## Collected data

BEGIN

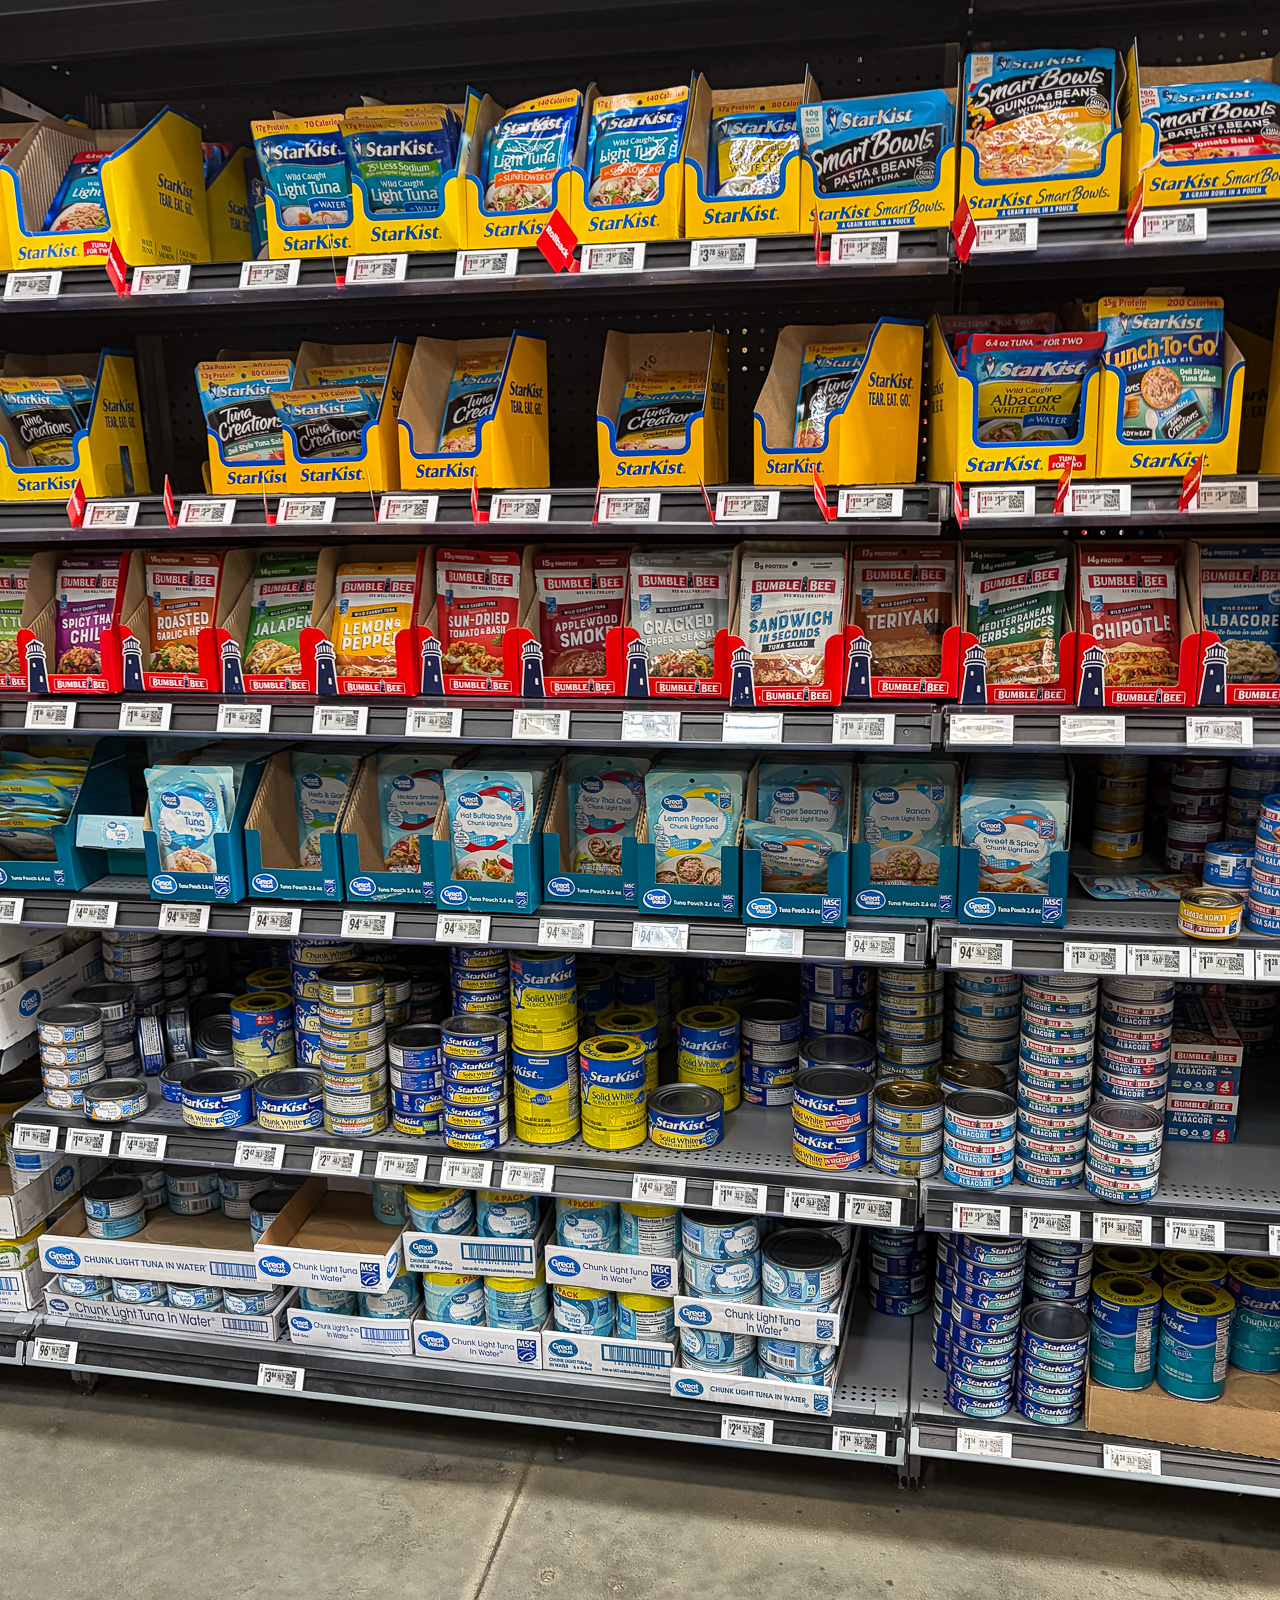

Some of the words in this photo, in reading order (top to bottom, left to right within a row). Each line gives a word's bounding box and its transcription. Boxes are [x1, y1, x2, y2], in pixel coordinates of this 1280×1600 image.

[976, 74, 1036, 108] Smart
[1039, 66, 1103, 92] Bowls
[538, 99, 549, 107] 140
[550, 96, 574, 105] Calories
[995, 95, 1045, 116] QUINOA
[1055, 87, 1097, 97] BEANS
[607, 112, 674, 129] StarKist
[840, 107, 912, 130] StarKist
[366, 140, 434, 157] StarKist
[1193, 139, 1227, 148] Tomato
[274, 142, 338, 160] StarKist
[812, 142, 869, 175] Smart
[873, 128, 932, 156] Bowls
[380, 163, 398, 171] Less
[399, 163, 429, 172] Sodium
[834, 169, 869, 187] PASTA
[881, 156, 923, 172] BEANS
[302, 172, 326, 181] Caught
[158, 174, 193, 199] StarKist
[277, 183, 306, 198] Light
[308, 182, 341, 194] Tuna
[319, 201, 347, 209] WATER
[703, 205, 777, 224] StarKist
[371, 224, 440, 242] StarKist
[284, 234, 348, 251] StarKist
[545, 224, 569, 258] Rollback
[18, 243, 77, 260] StarKist
[1167, 299, 1184, 307] 200
[1186, 298, 1218, 307] Calories
[1131, 314, 1203, 330] StarKist
[985, 338, 998, 347] 6.4
[1010, 339, 1034, 347] TUNA
[1043, 337, 1060, 346] FOR
[1061, 337, 1083, 346] TWO
[997, 359, 1086, 378] StarKist
[1127, 362, 1147, 371] TUNA
[1151, 358, 1178, 366] SALAD
[214, 371, 235, 379] Protein
[868, 372, 913, 390] StarKist
[868, 393, 884, 406] TEAR.
[886, 393, 899, 406] EAT.
[990, 393, 1061, 407] Albacore
[993, 405, 1025, 414] WHITE
[1028, 404, 1056, 413] TUNA
[18, 413, 43, 428] Tuna
[1036, 415, 1066, 425] WATER
[20, 423, 72, 443] Creations
[301, 466, 362, 482] StarKist
[616, 459, 683, 476] StarKist
[754, 562, 763, 570] 8g
[866, 570, 910, 581] BUMBLE
[921, 570, 943, 580] BEE
[343, 582, 382, 592] BUMBLE
[392, 581, 411, 591] BEE
[755, 581, 799, 591] BUMBLE
[810, 581, 832, 591] BEE
[158, 612, 208, 629] ROASTED
[449, 612, 509, 627] SUN-DRIED
[555, 615, 618, 632] APPLEWOOD
[643, 615, 714, 635] CRACKED
[750, 612, 833, 633] SANDWICH
[867, 609, 938, 630] TERIYAKI
[1017, 616, 1055, 633] SPICES
[1204, 614, 1278, 626] ALBACORE
[344, 619, 391, 635] LEMON
[394, 619, 401, 628] &
[450, 628, 479, 638] TOMATO
[1093, 615, 1170, 640] CHIPOTLE
[157, 629, 182, 641] GARLIC
[759, 634, 769, 643] IN
[772, 628, 820, 641] SECONDS
[152, 678, 183, 687] BUMBLE
[1116, 693, 1154, 701] BUMBLE
[1163, 693, 1182, 702] BEE
[692, 816, 718, 824] Pepper
[1017, 840, 1039, 849] Spicy
[523, 970, 571, 985] StarKist
[525, 993, 545, 1003] Solid
[547, 992, 568, 1003] White
[680, 1038, 727, 1050] StarKist
[1177, 1053, 1211, 1061] BUMBLE
[1176, 1067, 1217, 1076] ALBACORE
[1221, 1081, 1230, 1089] 4
[262, 1101, 307, 1112] StarKist
[262, 1116, 281, 1126] Chunk
[657, 1117, 705, 1131] StarKist
[959, 1178, 992, 1187] ALBACORE
[49, 1251, 74, 1261] Great
[84, 1256, 112, 1264] CHUNK
[114, 1257, 134, 1266] LIGHT
[136, 1259, 163, 1268] TUNA
[165, 1261, 173, 1269] IN
[176, 1263, 205, 1271] WATER
[651, 1266, 669, 1274] MSC
[75, 1302, 109, 1316] Chunk
[112, 1306, 134, 1324] Light
[136, 1309, 165, 1322] Tuna
[168, 1312, 177, 1324] In
[725, 1308, 754, 1321] Chunk
[756, 1311, 778, 1325] Light
[779, 1314, 801, 1326] Tuna
[746, 1324, 755, 1333] In
[757, 1324, 782, 1335] Water
[1041, 1343, 1077, 1351] StarKist
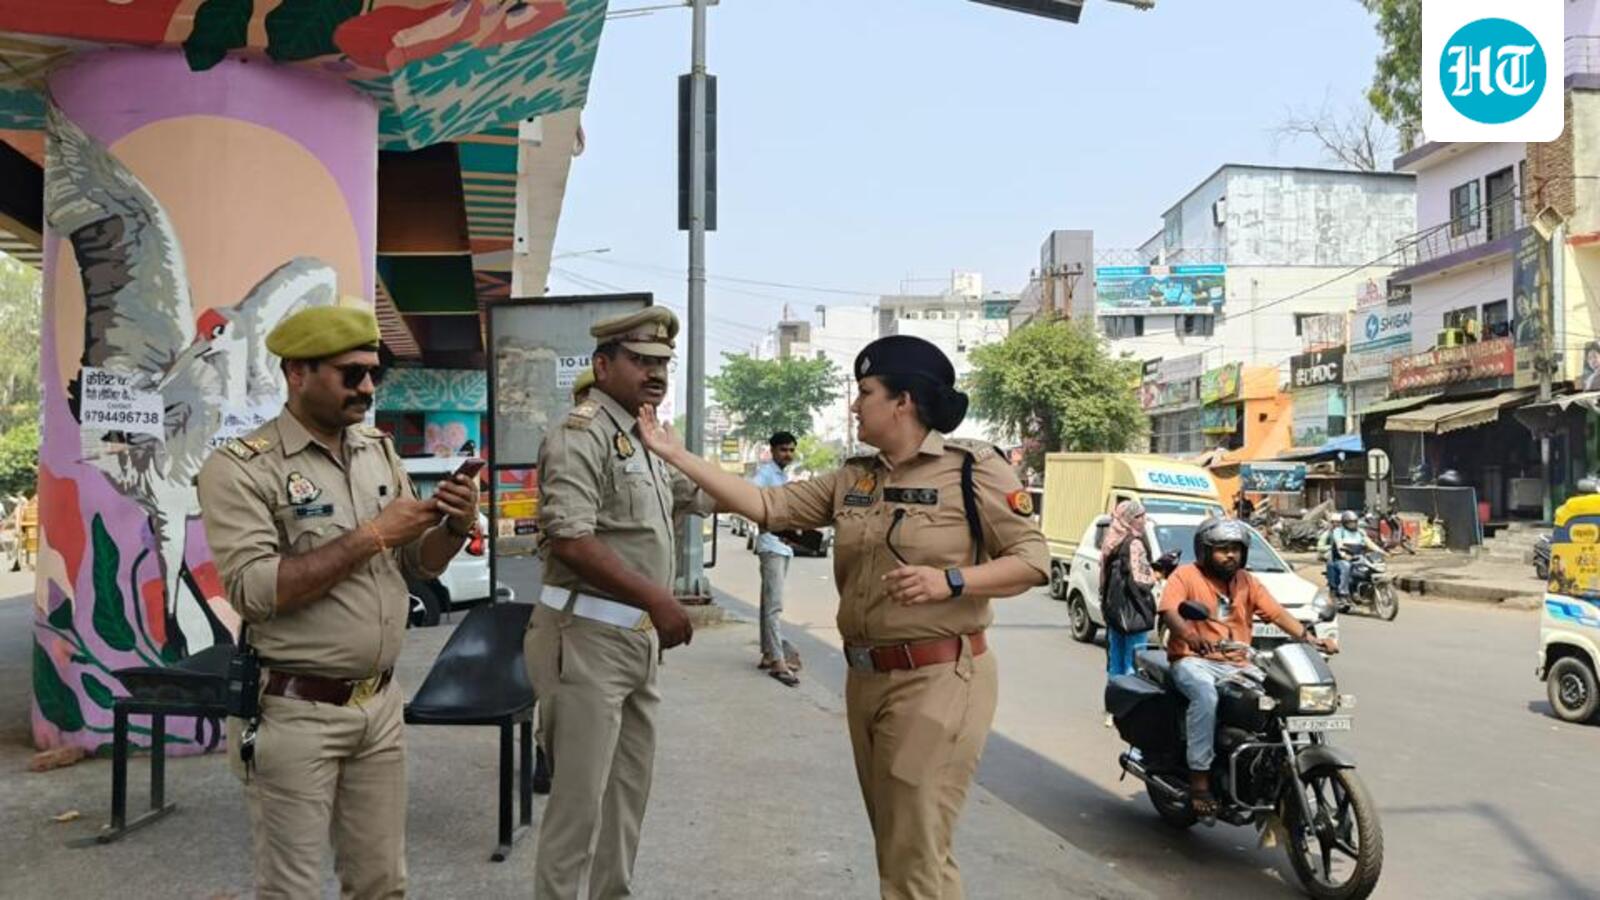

END

Copy out the data above exactly, except the pictures.

## ANSWER AREA
Some of the words in this photo, in reading order (top to bottom, left to right within a row). Each line gives a word's bounding box and its transcription. Boxes are [x1, y1, x2, y2], in pixel coordinates of this 1280×1600 image.

[976, 74, 1036, 108] Smart
[1039, 66, 1103, 92] Bowls
[538, 99, 549, 107] 140
[550, 96, 574, 105] Calories
[995, 95, 1045, 116] QUINOA
[1055, 87, 1097, 97] BEANS
[607, 112, 674, 129] StarKist
[840, 107, 912, 130] StarKist
[366, 140, 434, 157] StarKist
[1193, 139, 1227, 148] Tomato
[274, 142, 338, 160] StarKist
[812, 142, 869, 175] Smart
[873, 128, 932, 156] Bowls
[380, 163, 398, 171] Less
[399, 163, 429, 172] Sodium
[834, 169, 869, 187] PASTA
[881, 156, 923, 172] BEANS
[302, 172, 326, 181] Caught
[158, 174, 193, 199] StarKist
[277, 183, 306, 198] Light
[308, 182, 341, 194] Tuna
[319, 201, 347, 209] WATER
[703, 205, 777, 224] StarKist
[371, 224, 440, 242] StarKist
[284, 234, 348, 251] StarKist
[545, 224, 569, 258] Rollback
[18, 243, 77, 260] StarKist
[1167, 299, 1184, 307] 200
[1186, 298, 1218, 307] Calories
[1131, 314, 1203, 330] StarKist
[985, 338, 998, 347] 6.4
[1010, 339, 1034, 347] TUNA
[1043, 337, 1060, 346] FOR
[1061, 337, 1083, 346] TWO
[997, 359, 1086, 378] StarKist
[1127, 362, 1147, 371] TUNA
[1151, 358, 1178, 366] SALAD
[214, 371, 235, 379] Protein
[868, 372, 913, 390] StarKist
[868, 393, 884, 406] TEAR.
[886, 393, 899, 406] EAT.
[990, 393, 1061, 407] Albacore
[993, 405, 1025, 414] WHITE
[1028, 404, 1056, 413] TUNA
[18, 413, 43, 428] Tuna
[1036, 415, 1066, 425] WATER
[20, 423, 72, 443] Creations
[301, 466, 362, 482] StarKist
[616, 459, 683, 476] StarKist
[754, 562, 763, 570] 8g
[866, 570, 910, 581] BUMBLE
[921, 570, 943, 580] BEE
[343, 582, 382, 592] BUMBLE
[392, 581, 411, 591] BEE
[755, 581, 799, 591] BUMBLE
[810, 581, 832, 591] BEE
[158, 612, 208, 629] ROASTED
[449, 612, 509, 627] SUN-DRIED
[555, 615, 618, 632] APPLEWOOD
[643, 615, 714, 635] CRACKED
[750, 612, 833, 633] SANDWICH
[867, 609, 938, 630] TERIYAKI
[1017, 616, 1055, 633] SPICES
[1204, 614, 1278, 626] ALBACORE
[344, 619, 391, 635] LEMON
[394, 619, 401, 628] &
[450, 628, 479, 638] TOMATO
[1093, 615, 1170, 640] CHIPOTLE
[157, 629, 182, 641] GARLIC
[759, 634, 769, 643] IN
[772, 628, 820, 641] SECONDS
[152, 678, 183, 687] BUMBLE
[1116, 693, 1154, 701] BUMBLE
[1163, 693, 1182, 702] BEE
[692, 816, 718, 824] Pepper
[1017, 840, 1039, 849] Spicy
[523, 970, 571, 985] StarKist
[525, 993, 545, 1003] Solid
[547, 992, 568, 1003] White
[680, 1038, 727, 1050] StarKist
[1177, 1053, 1211, 1061] BUMBLE
[1176, 1067, 1217, 1076] ALBACORE
[1221, 1081, 1230, 1089] 4
[262, 1101, 307, 1112] StarKist
[262, 1116, 281, 1126] Chunk
[657, 1117, 705, 1131] StarKist
[959, 1178, 992, 1187] ALBACORE
[49, 1251, 74, 1261] Great
[84, 1256, 112, 1264] CHUNK
[114, 1257, 134, 1266] LIGHT
[136, 1259, 163, 1268] TUNA
[165, 1261, 173, 1269] IN
[176, 1263, 205, 1271] WATER
[651, 1266, 669, 1274] MSC
[75, 1302, 109, 1316] Chunk
[112, 1306, 134, 1324] Light
[136, 1309, 165, 1322] Tuna
[168, 1312, 177, 1324] In
[725, 1308, 754, 1321] Chunk
[756, 1311, 778, 1325] Light
[779, 1314, 801, 1326] Tuna
[746, 1324, 755, 1333] In
[757, 1324, 782, 1335] Water
[1041, 1343, 1077, 1351] StarKist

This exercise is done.